7 Tips for Starting a Business While You’re Working a Day Job

Every successful business starts with a great idea. But if you’ve found entrepreneurial inspiration while still working a day job, how can you develop it without quitting your nine to five? Here are seven approaches to take.

  1. Be Realistic
    First, honestly decide whether your idea is realistic beneath your initial enthusiasm. Does it really have the potential for full-time success? Do you have the resources to develop it within a reasonable time scale, and can you handle working two jobs in the meantime without burning out?
    Market research will help you answer some of these questions, but it pays to start out with a clear picture of what you want to achieve and what’s actually possible.
  2. Develop the Idea
    If you decide your idea has real potential, start to put some flesh on its bones. Develop a prototype product or a working preview of the service. Draw up details of the target market and ideal customer. Put together a solid estimate of costs and potential profits.
    Build as full a picture as you can without committing too many resources. This is the crunch point where you decide whether your idea is worth your total commitment.
  3. Think Branding from the Beginning
    For most ventures, strong branding is key to success. And with the strongest brands, the key values are baked into the entire operation from the beginning. Decide now what your business stands for, which type of personality it will project, and how you’ll approach marketing and communications.
    Don’t leave these choices until later, as branding should be at the heart of everything you do. It needs to be strong from the outset if you want to maximize your use of resources while your working attention is still divided.
  4. Plan and Prioritize
    There’s no escaping the fact that growing a venture while still working will leave you short of time. You’ll need to make every minute count, so plan your route forward carefully, prioritize ruthlessly, and stick meticulously to the timetable you’ve created.
    Set yourself clear and achievable tasks, measurable short-term targets, and realizable long-term goals. Only by knowing exactly where you stand can you move ahead quickly enough to succeed.
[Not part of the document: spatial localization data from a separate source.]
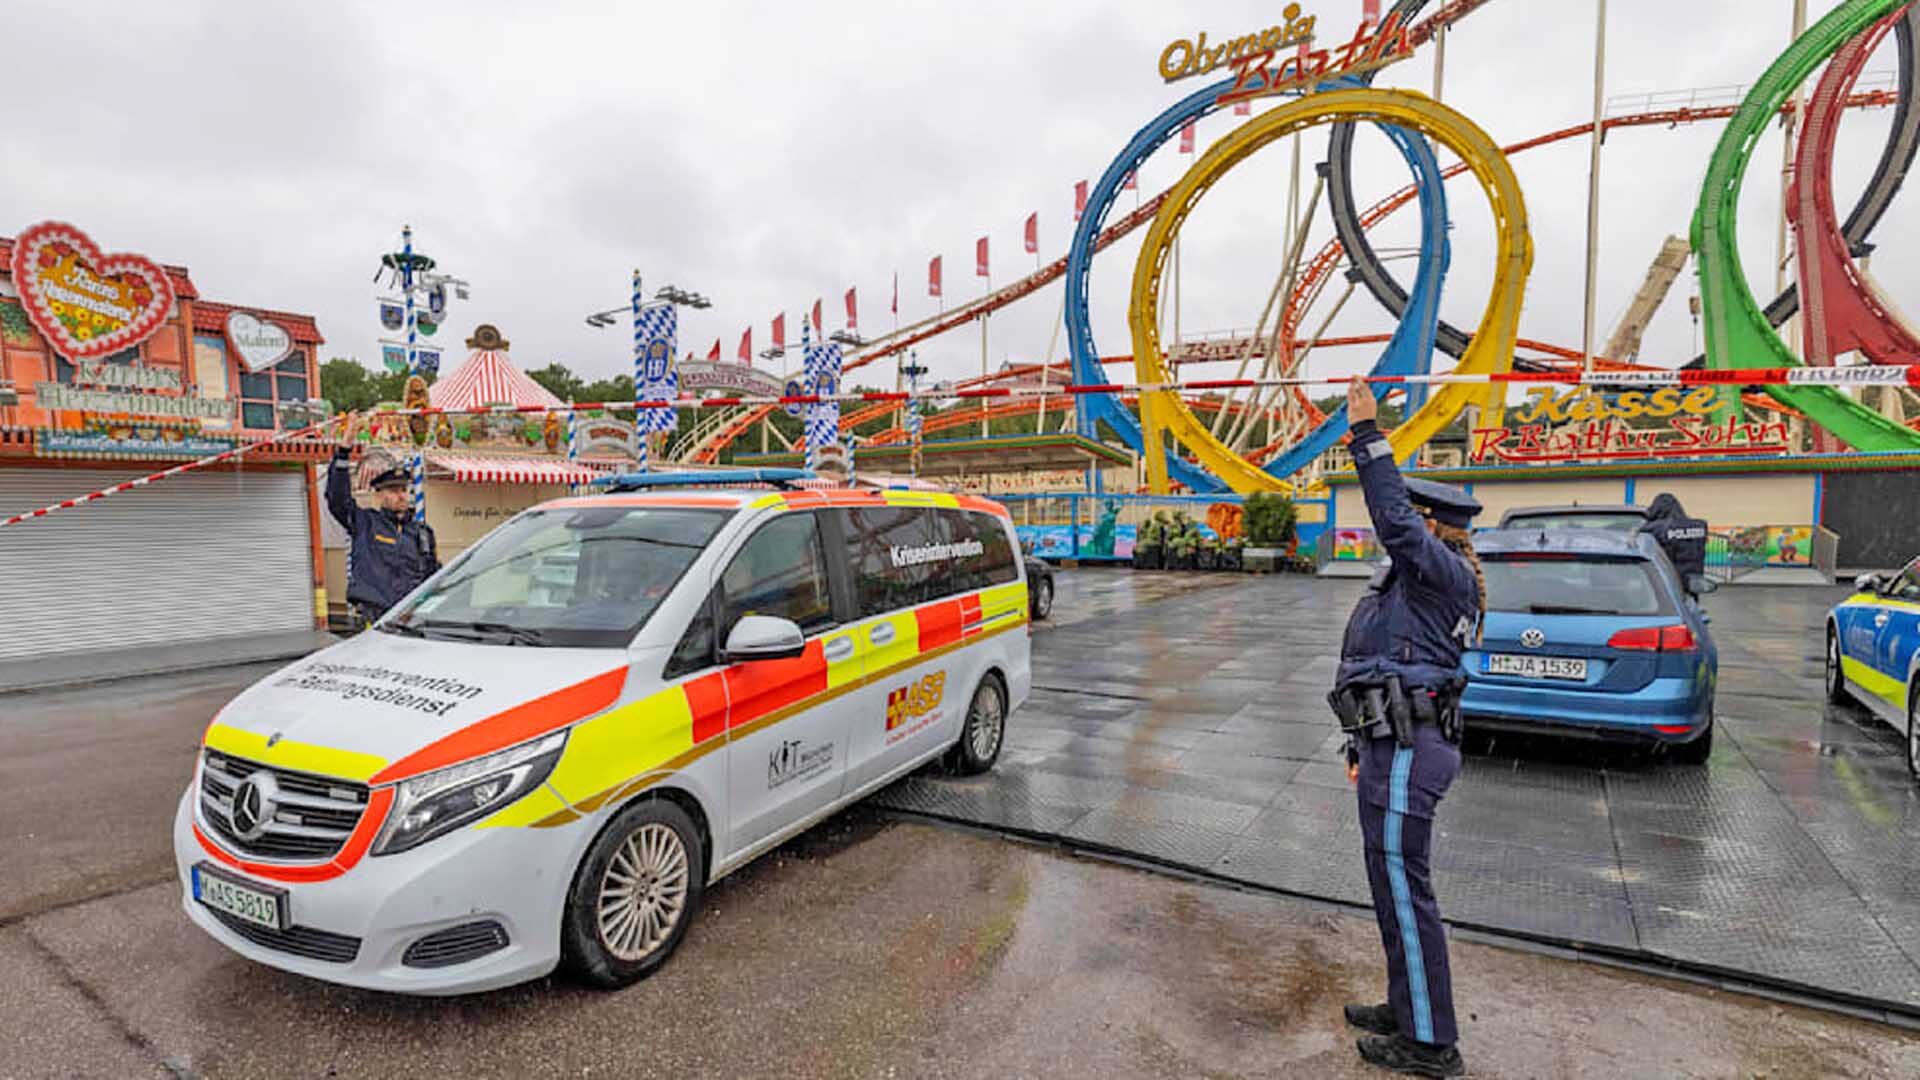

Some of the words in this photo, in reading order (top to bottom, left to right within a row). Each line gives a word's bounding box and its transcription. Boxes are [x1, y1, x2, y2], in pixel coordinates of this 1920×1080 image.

[1158, 2, 1317, 80] Olympia
[1215, 11, 1414, 105] Barth
[1516, 384, 1728, 423] Kasse
[1517, 420, 1629, 451] Barth
[1669, 415, 1790, 447] Sohn
[904, 670, 947, 726] ASB
  5. Don’t Burn Your Bridges
    The sad truth is that most new ventures don’t succeed.  If your superiors feel your attention and energies are divided, you might find your hand is forced before you’re ready to commit to your venture full time.
    Bearing this in mind, tell no one at your current workplace that you’re building a new business until you’re 100% sure you’re ready to make the switch, unless your workplace has a culture of encouraging it.
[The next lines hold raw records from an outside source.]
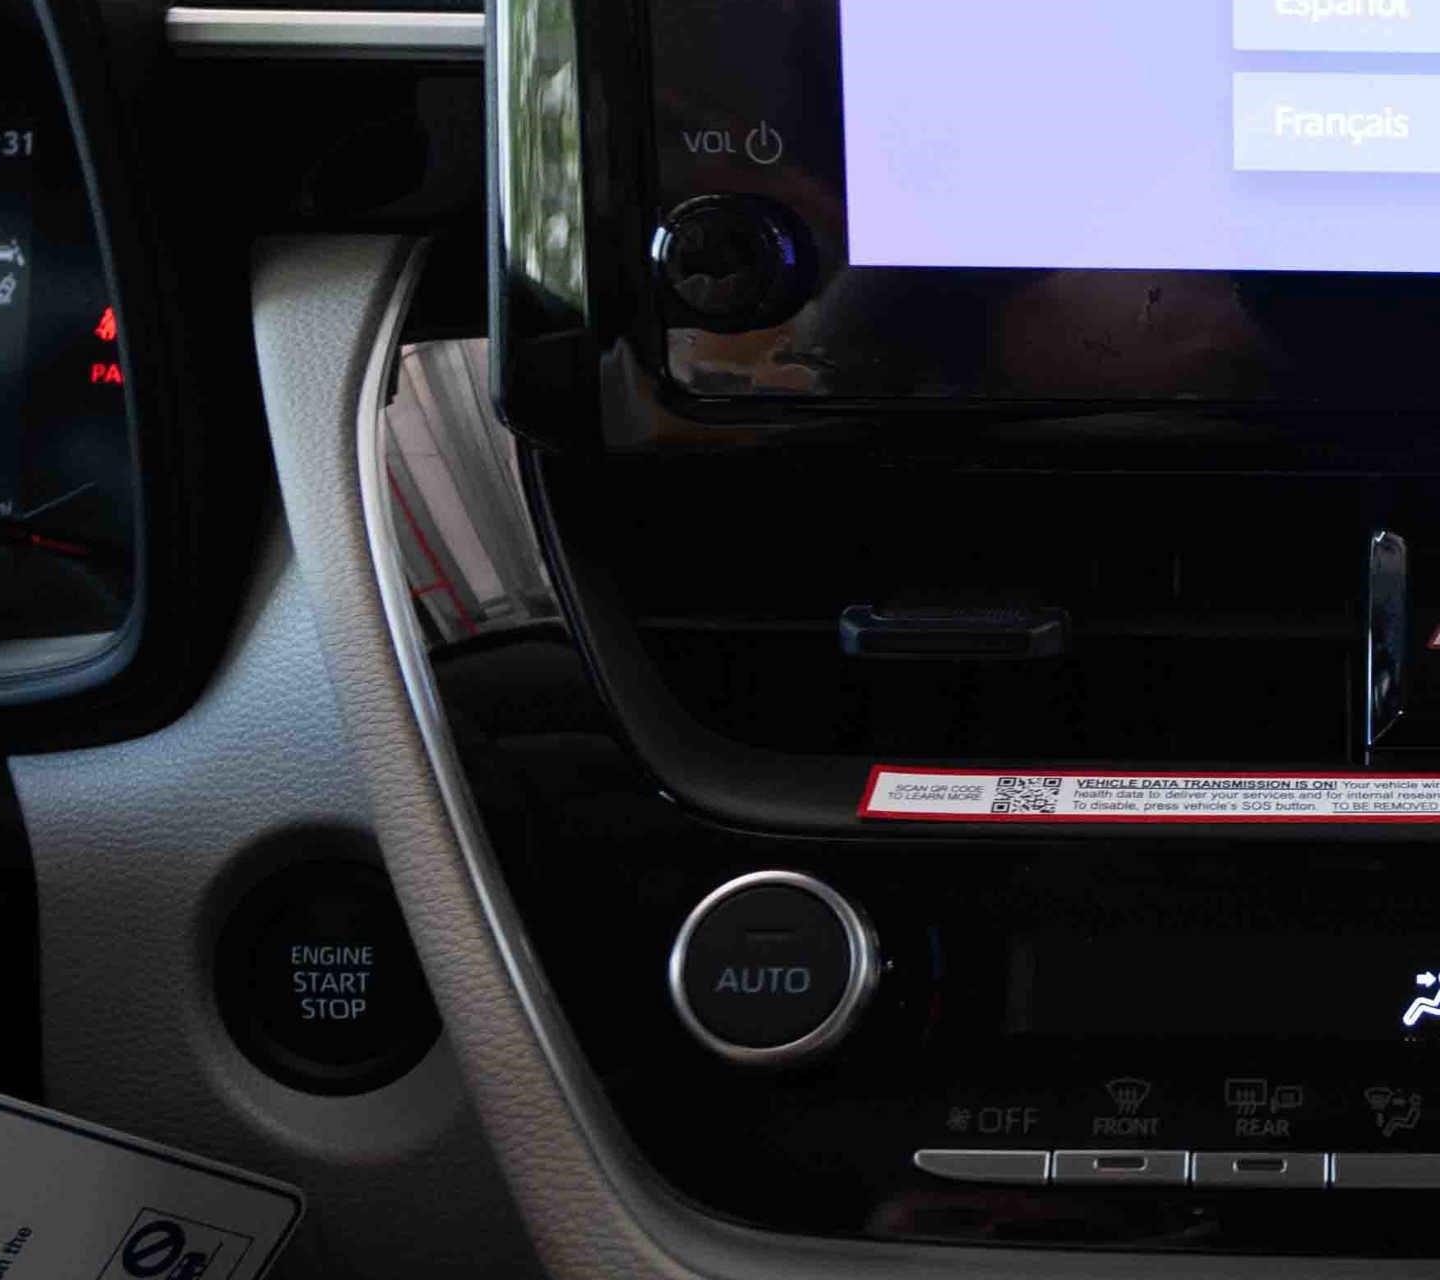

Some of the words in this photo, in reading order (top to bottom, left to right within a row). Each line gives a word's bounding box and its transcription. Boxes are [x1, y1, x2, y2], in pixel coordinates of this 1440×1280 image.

[1272, 105, 1410, 146] Français
[682, 130, 736, 154] VOL
[1076, 779, 1139, 790] VEHICLE
[1143, 779, 1178, 790] DATA
[1184, 779, 1291, 791] TRANSMISSION
[1295, 780, 1308, 791] IS
[1312, 780, 1338, 791] ON!
[1072, 801, 1086, 810] To
[1143, 802, 1180, 813] press
[1241, 802, 1273, 811] SOS
[291, 946, 372, 966] ENGINE
[293, 971, 370, 993] START
[716, 966, 811, 994] AUTO
[301, 998, 366, 1019] STOP
[978, 1107, 1037, 1134] OFF
[1093, 1117, 1159, 1135] FRONT
[1235, 1117, 1290, 1136] REAR
[1, 1226, 33, 1255] the
    “Employees will start side businesses regardless of whether I support it or not, so I’ve chosen to encourage it”, says Isaac Rau, CEO of Proactive SEO Solutions.  “By taking this approach we’ve actually increased business because the clients that they can’t handle, they pass to the company.”
    “In addition, my employees tend to sharpen their skills at home more after work, and develop quicker than those who are less productive in their off hours”, says Rau.
  6. Reinvest Profits
    When you start to make a profit, reinvest every cent into growing your new business. Don’t be tempted to reward yourself for your effort so far, or to treat your profit as new income. Don’t divert revenue to build up a financial safety net that will allow you to leave your day job earlier.
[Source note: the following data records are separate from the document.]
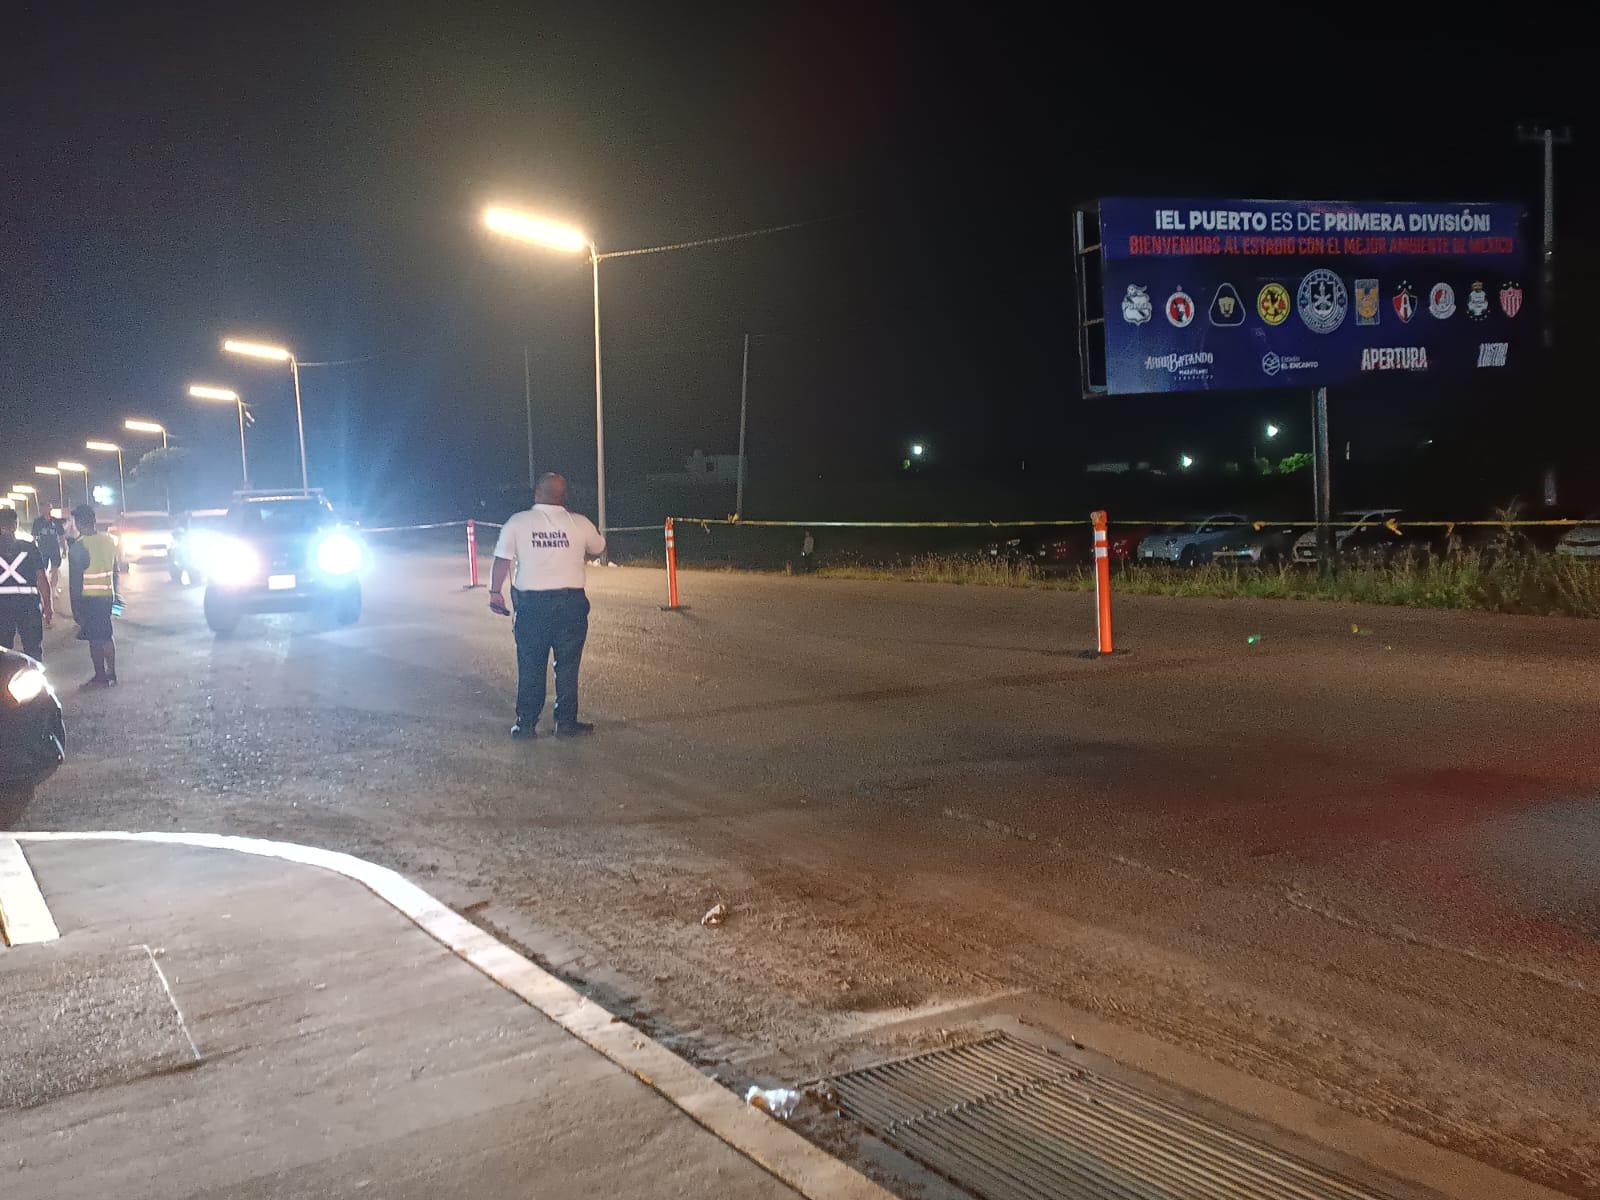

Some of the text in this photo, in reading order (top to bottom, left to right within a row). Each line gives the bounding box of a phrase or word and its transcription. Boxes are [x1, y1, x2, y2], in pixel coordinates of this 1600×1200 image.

[1189, 210, 1267, 231] PUERTO
[1271, 212, 1293, 231] ES
[1297, 212, 1321, 231] DE
[1324, 212, 1406, 232] PRIMERA
[1129, 235, 1220, 256] BIENVENIDOS
[1223, 236, 1240, 255] AL
[1243, 236, 1296, 255] ESTADIO
[1298, 236, 1326, 255] CON
[1327, 236, 1341, 254] EL
[1361, 346, 1428, 371] APERTURA
    Without total reinvestment, your new business is unlikely to grow fast enough or large enough in a realistic time to consistently pay your bills. You’ll know the time has come to switch when you can survive off your stable business income alone.
  7. Don’t Overreach
    Lastly, when the time comes to finally work on your venture full time, don’t be overtaken by enthusiasm and try to ramp up growth too aggressively. Your first few months as a fully independent entrepreneur should be used to consolidate the business you have, making sure it’s healthy enough to survive the inevitable difficulties that will crop up.

Without the income insurance of your day job, stability and resilience should be the focus, with growth following once the foundations are solidly reinforced.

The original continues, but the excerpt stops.